I’ve been on tablets now for 11 days. It’s not been the smoothest of sailing. My appetite has been very up and down. Some days (or even parts of the day) my appetite would be so huge. I would be starving until I took that first bite then I’d feel sick instantly. Other times I’d not be hungry at all despite not having eaten for hours.
My mood has also been equally up and down. Some parts of the day I would absolutely not want to speak to anyone and other parts I feel almost like myself again, able to hold a conversation and able to laugh at jokes. The evenings I feel a little more relaxed in the new place. I have my own space for the first time since I was born (excluding that year at uni). My housemate is very understanding if I want to just sit in my room and recuperate.
I’ve also been back at work for the week. After two weeks off at Christmas, two days working from home, one day in the office and leaving early, then a week and a half off sick, I found it really difficult to go back. I was desperate to get back into a routine but my anxiety was also sky high. I felt like all eyes would be on me and there would be tons of attention my way. Luckily the team at work are also pretty damn good at understanding my moods. I’ve not been able to manage full days so I’ve been getting to work a little later than normal and leaving a little bit earlier but it’s definitely helped me ease back into a routine of some sort.

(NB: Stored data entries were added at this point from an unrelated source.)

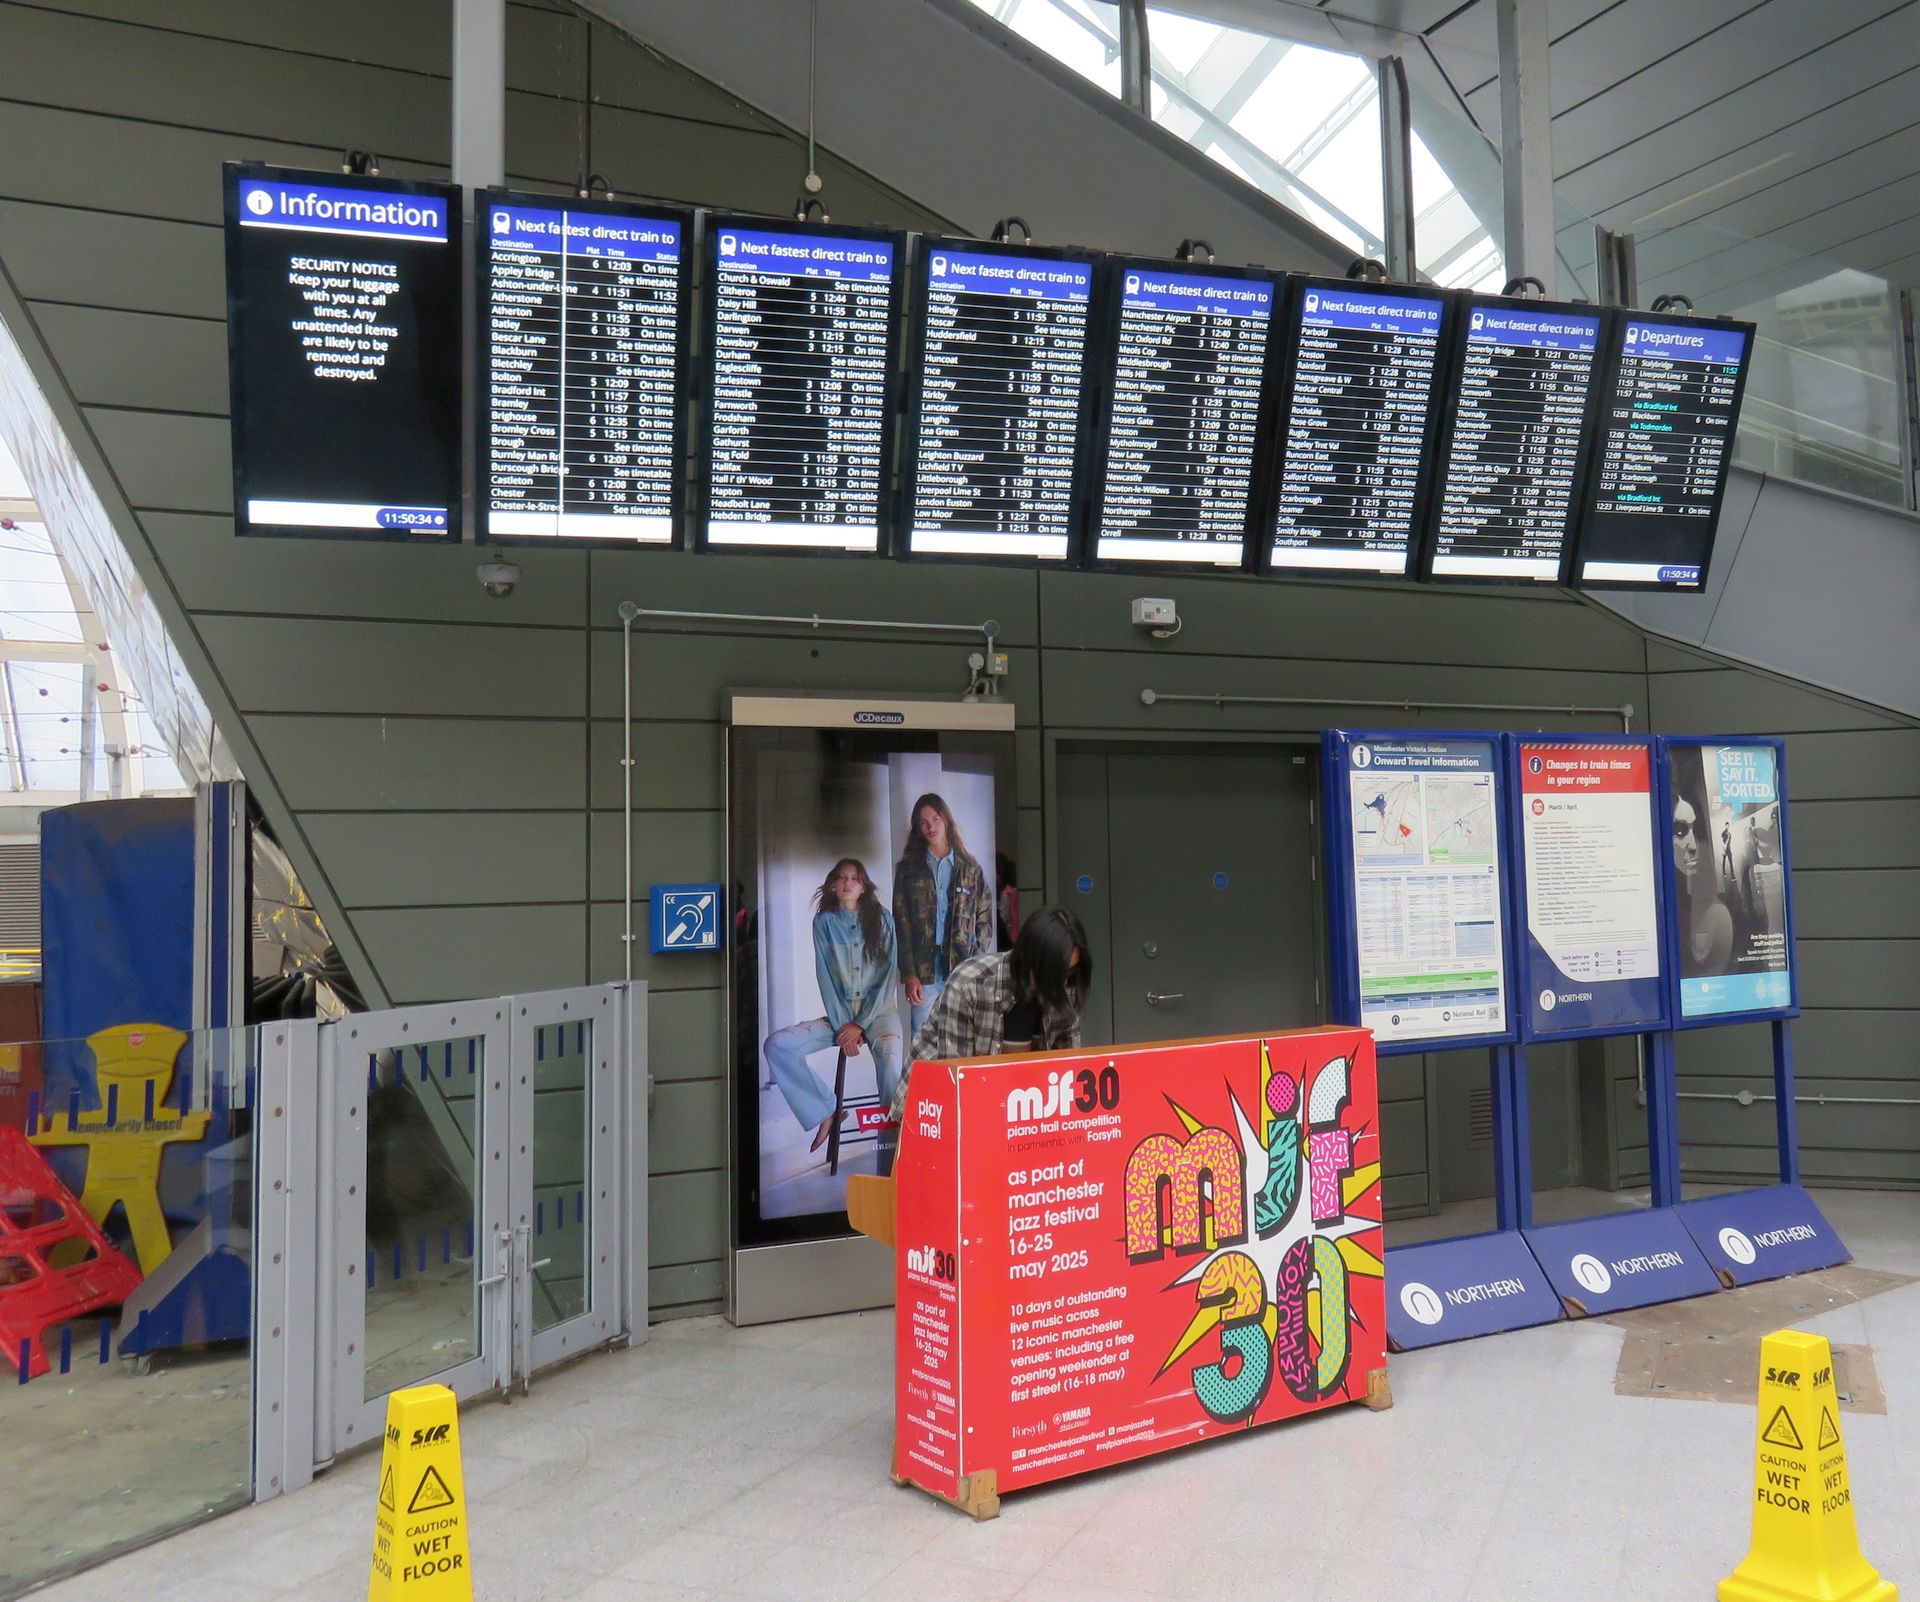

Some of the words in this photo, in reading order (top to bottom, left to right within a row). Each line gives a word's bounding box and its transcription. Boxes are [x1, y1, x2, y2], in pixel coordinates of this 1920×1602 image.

[280, 192, 438, 228] Information
[492, 252, 541, 264] Accrington
[593, 260, 599, 269] 6
[608, 261, 632, 271] 12:03
[642, 264, 657, 273] On
[658, 265, 678, 275] time
[741, 242, 768, 254] Next
[771, 244, 809, 258] fastest
[812, 247, 844, 261] direct
[847, 251, 872, 263] train
[875, 254, 887, 265] to
[291, 258, 349, 272] SECURITY
[352, 263, 397, 276] NOTICE
[289, 273, 320, 288] Keep
[323, 277, 350, 289] your
[353, 277, 399, 293] luggage
[1144, 282, 1166, 293] Next
[1169, 284, 1201, 296] fastest
[1204, 287, 1231, 299] direct
[1234, 290, 1255, 301] train
[1258, 293, 1268, 302] to
[303, 290, 329, 302] with
[332, 293, 354, 304] you
[357, 294, 369, 305] at
[372, 295, 386, 306] all
[314, 306, 351, 318] times.
[353, 308, 376, 322] Any
[1122, 310, 1164, 321] Manchester
[1166, 313, 1191, 323] Airport
[1213, 317, 1232, 326] 12:40
[1252, 321, 1268, 329] time
[292, 321, 362, 334] unattended
[365, 324, 398, 336] items
[1487, 319, 1506, 328] Next
[1509, 320, 1537, 331] fastest
[1539, 324, 1562, 333] direct
[1564, 326, 1583, 335] train
[1586, 328, 1594, 336] to
[303, 336, 322, 346] are
[325, 336, 355, 351] likely
[358, 339, 371, 350] to
[373, 340, 388, 351] be
[1641, 330, 1704, 347] Departures
[307, 351, 359, 364] removed
[362, 354, 385, 366] and
[1641, 360, 1673, 369] Stalybridge
[1722, 366, 1738, 374] 11:52
[314, 366, 377, 380] destroyed.
[385, 513, 432, 524] 11:50:34
[856, 713, 902, 722] JCDecaux
[1374, 756, 1406, 765] Onward
[1407, 756, 1430, 766] Travel
[1432, 758, 1479, 766] Information
[1547, 760, 1578, 771] Changes
[1580, 761, 1588, 769] to
[1590, 760, 1608, 769] train
[1610, 760, 1631, 769] times
[1721, 752, 1741, 765] SEE
[1744, 752, 1755, 765] IT.
[1548, 775, 1554, 784] in
[1557, 776, 1575, 786] your
[1577, 775, 1600, 786] region
[1722, 768, 1743, 781] SAY
[1745, 768, 1758, 781] IT.
[1723, 783, 1773, 797] SORTED.
[1559, 993, 1592, 1003] NORTHERN
[1007, 1067, 1119, 1122] mjf30
[918, 1099, 942, 1120] play
[920, 1122, 941, 1139] me!
[1007, 1124, 1038, 1139] piano
[1041, 1121, 1059, 1133] trail
[1062, 1114, 1121, 1131] competition
[1007, 1142, 1015, 1152] in
[1068, 1135, 1085, 1146] with
[1087, 1128, 1121, 1142] Forsyth
[1008, 1172, 1027, 1185] as
[1032, 1163, 1064, 1186] part
[1068, 1160, 1084, 1177] of
[1009, 1183, 1104, 1209] manchester
[1009, 1213, 1040, 1236] jazz
[1044, 1203, 1099, 1226] festival
[1010, 1233, 1053, 1255] 16-25
[1753, 1224, 1817, 1248] NORTHERN
[908, 1245, 955, 1281] mjf30
[1010, 1261, 1046, 1279] may
[1051, 1250, 1088, 1272] 2025
[1611, 1251, 1683, 1277] NORTHERN
[1012, 1305, 1023, 1316] 10
[1026, 1301, 1052, 1314] days
[1054, 1297, 1065, 1308] of
[1067, 1286, 1127, 1306] outstanding
[1444, 1277, 1525, 1307] NORTHERN
[917, 1301, 924, 1310] as
[925, 1304, 938, 1316] part
[939, 1306, 945, 1318] of
[913, 1313, 949, 1332] manchester
[1011, 1321, 1029, 1334] live
[1032, 1315, 1063, 1329] music
[1066, 1308, 1099, 1322] across
[913, 1325, 926, 1338] jazz
[927, 1329, 948, 1346] festival
[1012, 1339, 1023, 1350] 12
[1026, 1333, 1059, 1348] iconic
[1062, 1320, 1123, 1339] manchester
[916, 1338, 932, 1353] 16-25
[933, 1345, 947, 1360] may
[1011, 1353, 1053, 1368] venues:
[1055, 1341, 1103, 1359] including
[1106, 1339, 1112, 1347] a
[1115, 1333, 1134, 1345] free
[924, 1354, 938, 1368] 2025
[1011, 1368, 1056, 1386] opening
[1059, 1355, 1117, 1374] weekender
[1119, 1349, 1129, 1361] at
[1011, 1391, 1029, 1402] first
[1032, 1383, 1061, 1398] street
[1064, 1373, 1096, 1391] (16-18
[1099, 1367, 1125, 1382] may)
[1765, 1367, 1800, 1387] SIR
[1813, 1367, 1830, 1387] SIR
[1012, 1420, 1046, 1438] Forsyth
[1062, 1407, 1091, 1422] YAMAHA
[410, 1424, 450, 1446] SIR
[1028, 1430, 1105, 1456] manchesterjazzfestival
[1013, 1449, 1084, 1472] manchesterjazz.com
[1760, 1454, 1806, 1473] CAUTION
[1819, 1453, 1844, 1473] CAUTION
[1767, 1470, 1800, 1490] WET
[1824, 1471, 1842, 1491] WET
[1758, 1488, 1810, 1514] FLOOR
[1822, 1489, 1850, 1515] FLOOR
[405, 1517, 458, 1537] CAUTION
[378, 1534, 390, 1556] WET
[413, 1535, 451, 1557] WET
[372, 1554, 392, 1582] FLOOR
[403, 1554, 463, 1583] FLOOR

I’ve also been trying to make myself commit to some positive actions for my physical and mental health.
- Play more music. Record more music. Listen to more music. Sing more. – Do I even need to say any more? Music is the greatest healer, the best comforter and the number one thing to relax and bring a bit of joy. It’s also a powerful tool for social change. Case in point – Akala.
- Be sociable – Even if that means dragging people to the new house which is my comfort zone at the moment.

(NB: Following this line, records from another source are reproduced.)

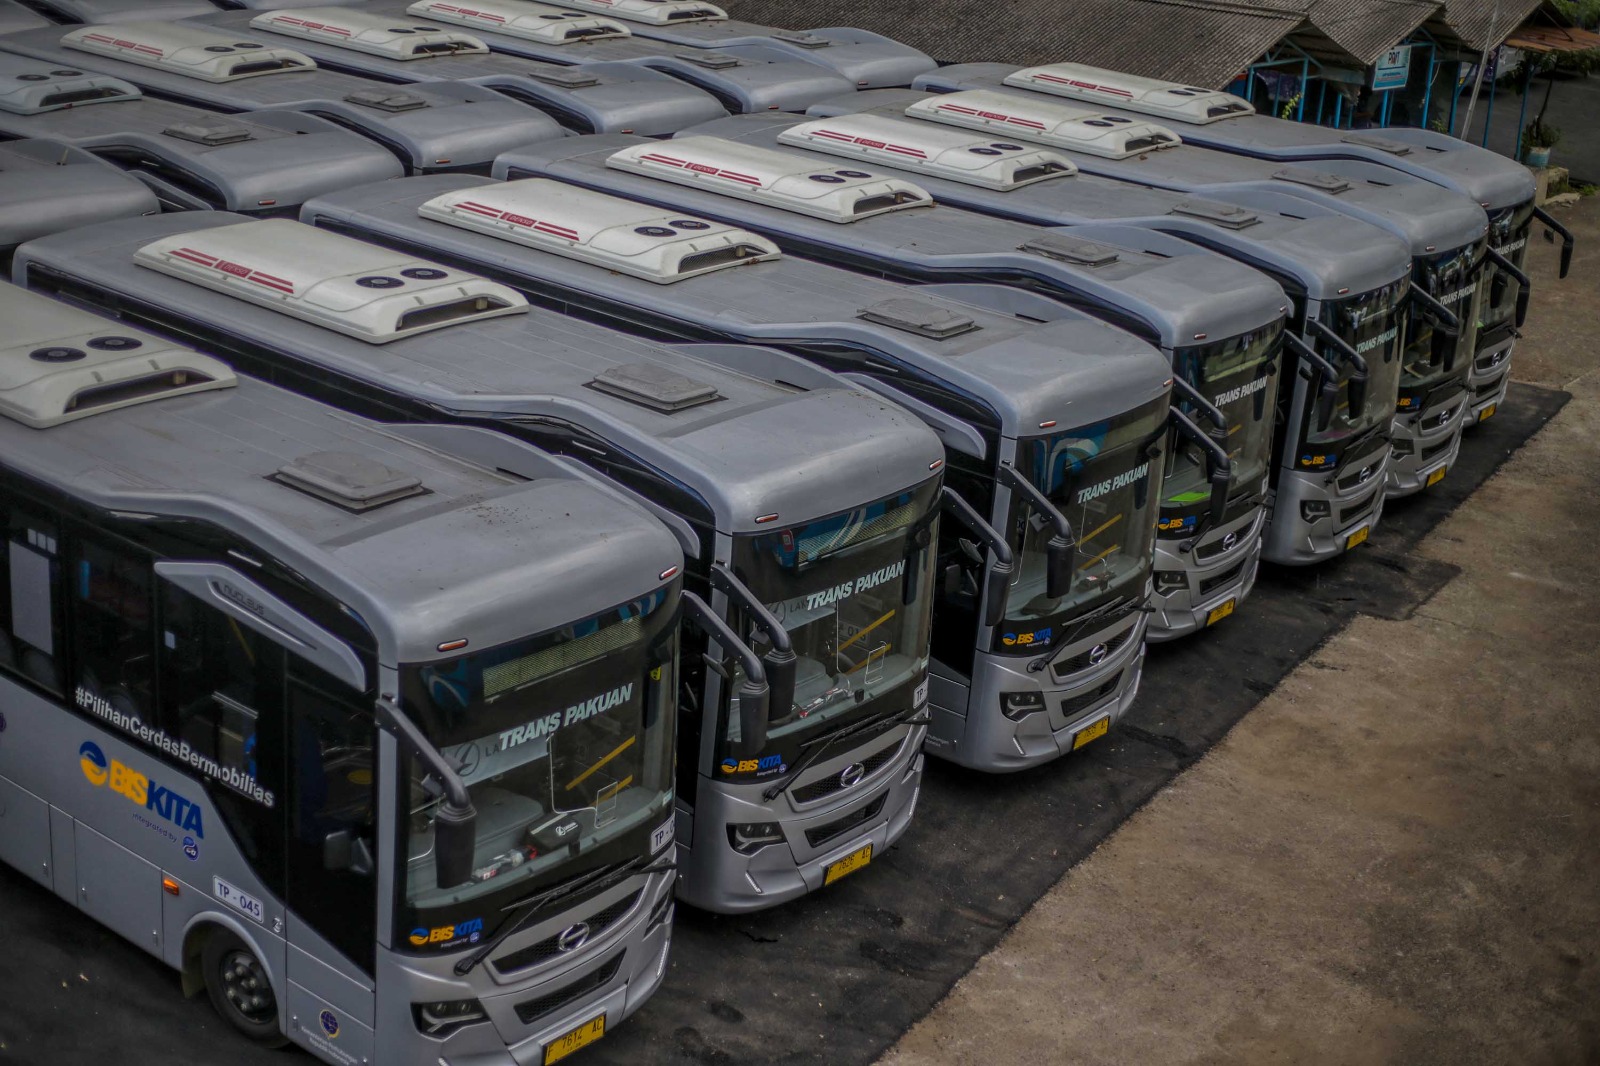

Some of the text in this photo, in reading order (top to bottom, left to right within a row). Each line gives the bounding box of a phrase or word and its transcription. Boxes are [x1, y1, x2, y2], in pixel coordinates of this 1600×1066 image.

[1440, 291, 1458, 306] TRANS
[1356, 337, 1377, 354] TRANS
[1215, 375, 1268, 407] TRANS PAKUAN
[1077, 461, 1149, 504] TRANS PAKUAN
[807, 560, 905, 610] TRANS PAKUAN
[499, 682, 633, 750] TRANS PAKUAN
[737, 754, 782, 772] BISKITA
[109, 758, 204, 839] BISKITA
[132, 812, 168, 837] integrated
[655, 830, 664, 847] TP
[218, 882, 230, 898] TP
[240, 895, 260, 916] 045
[592, 1018, 603, 1033] AC

- Cook more – Making my own food is not only tasty and healthy, the process of cooking is also extremely therapeutic for me.
I’m still not even close to getting back to my normal self. I find it extremely exhausting trying to be “normal” for other people. It’s tiring to smile when I don’t want to. However, I’m actively forcing myself to take positive actions to improve my health so that I am smiling for real. It can be really hard and extremely scary, panic attack inducing even but it could also massively aid you in your recovery if you start to force yourself to do things that you’re scared of doing even though you know it’s good for you.
I’m determined to get better and I hope sharing my experiences will help you get better too.